Abstract

Human alteration of land cover (e.g., urban and agricultural land use) and shoreline hardening (e.g., bulkheading and rip rap revetment) are intensifying due to increasing human populations and sea level rise. Fishes and crustaceans that are ecologically and economically valuable to coastal systems may be affected by these changes, but direct links between these stressors and faunal populations have been elusive at large spatial scales. We examined nearshore abundance patterns of 15 common taxa across gradients of urban and agricultural land cover as well as wetland and hardened shoreline in tributary subestuaries of the Chesapeake Bay and Delaware Coastal Bays. We used a comprehensive landscape-scale study design that included 587 sites in 39 subestuaries.
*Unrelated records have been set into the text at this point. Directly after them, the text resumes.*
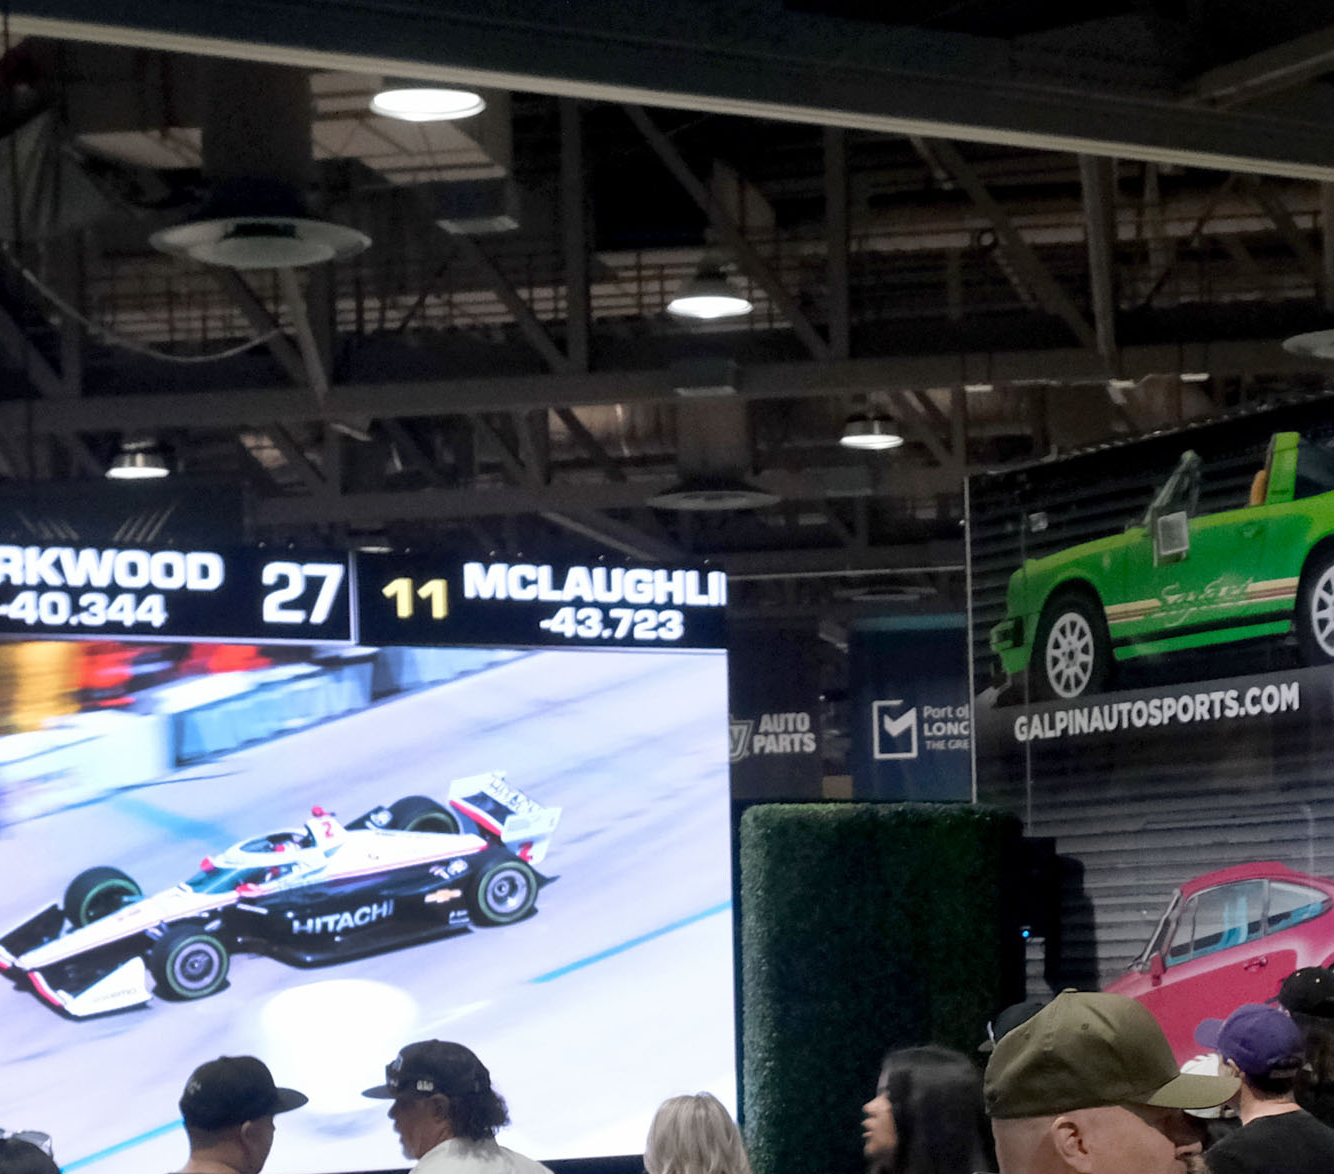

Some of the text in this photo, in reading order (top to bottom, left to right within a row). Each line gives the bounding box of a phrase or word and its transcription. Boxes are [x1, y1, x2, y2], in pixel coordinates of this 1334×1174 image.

[261, 561, 346, 625] 27
[381, 561, 728, 620] 11 MCLAUGHLI
[539, 606, 685, 641] -43.723
[758, 711, 811, 734] AUTO
[1013, 680, 1301, 743] GALPINAUTOSPORTS.COM
[752, 732, 817, 755] PARTS
[292, 899, 396, 935] HITACHI
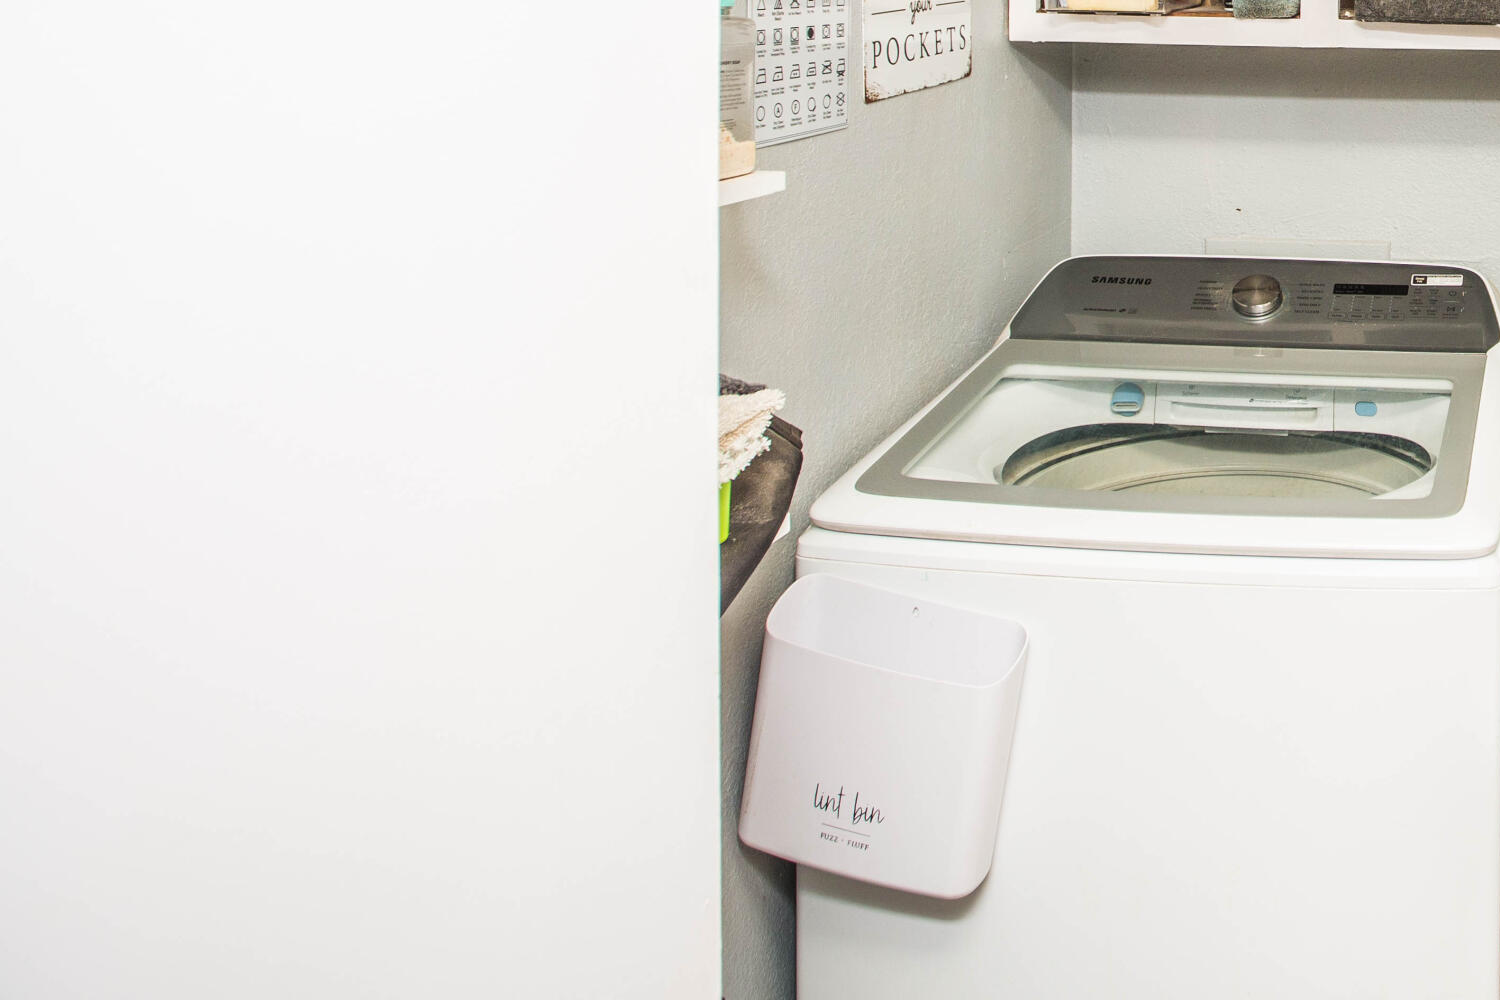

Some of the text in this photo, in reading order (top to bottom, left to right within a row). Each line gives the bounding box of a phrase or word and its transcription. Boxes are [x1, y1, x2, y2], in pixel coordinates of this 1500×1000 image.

[872, 24, 966, 69] POCKETS
[1091, 275, 1153, 285] SAMSUNG
[813, 782, 885, 825] lint bin
[820, 832, 839, 843] FUZZ
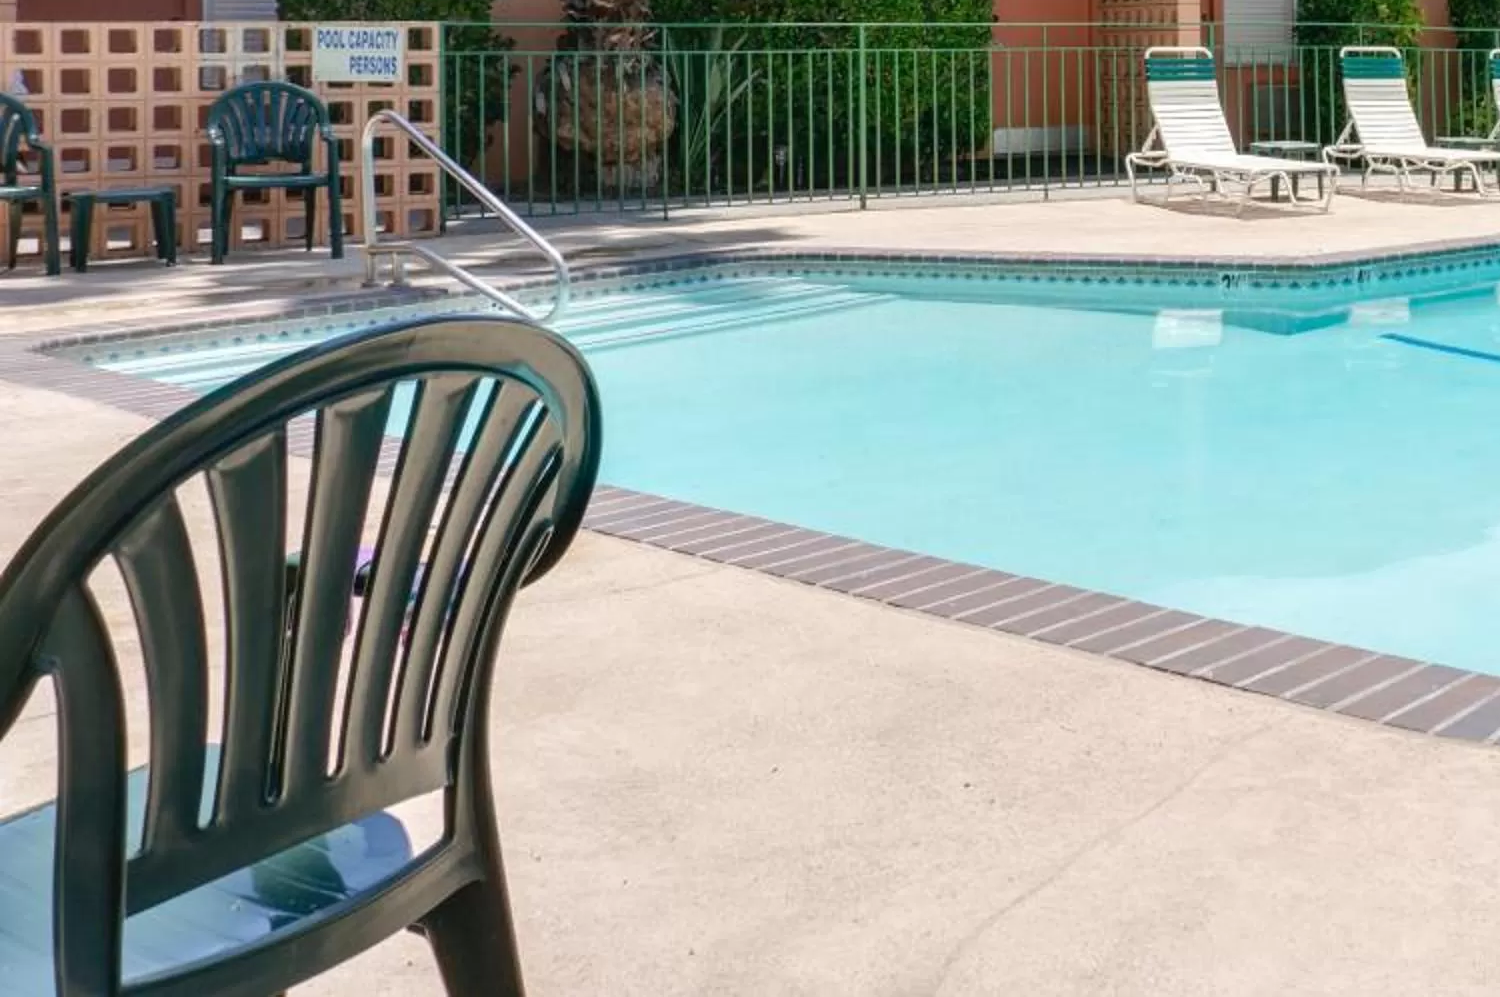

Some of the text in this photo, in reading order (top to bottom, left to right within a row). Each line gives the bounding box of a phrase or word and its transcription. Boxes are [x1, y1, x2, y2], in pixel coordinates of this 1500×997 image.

[318, 30, 398, 50] POOL CAPACITY
[349, 55, 397, 75] PERSONS
Our analyses indicate shoreline hardening has predominantly negative effects on estuarine fauna in water directly adjacent to the hardened shoreline and at the larger system-scale as cumulative hardened shoreline increased in the subestuary. In contrast, abundances of 12 of 15 species increased with the proportion of shoreline comprised of wetlands. Abundances of several species were also significantly related to watershed cropland cover, submerged aquatic vegetation, and total nitrogen, suggesting land-use-mediated effects on prey and refuge habitat. Specifically, abundances of four bottom-oriented species were negatively related to cropland cover, which is correlated with elevated nitrogen and reduced submerged and wetland vegetation in the receiving subestuary. These empirical relationships raise important considerations for conservation and management strategies in coastal environments.

Highlights

  • Coastal systems provide important ecosystem services with considerable economic and ecological value (Lotze et al 2006; Barbier et al 2011)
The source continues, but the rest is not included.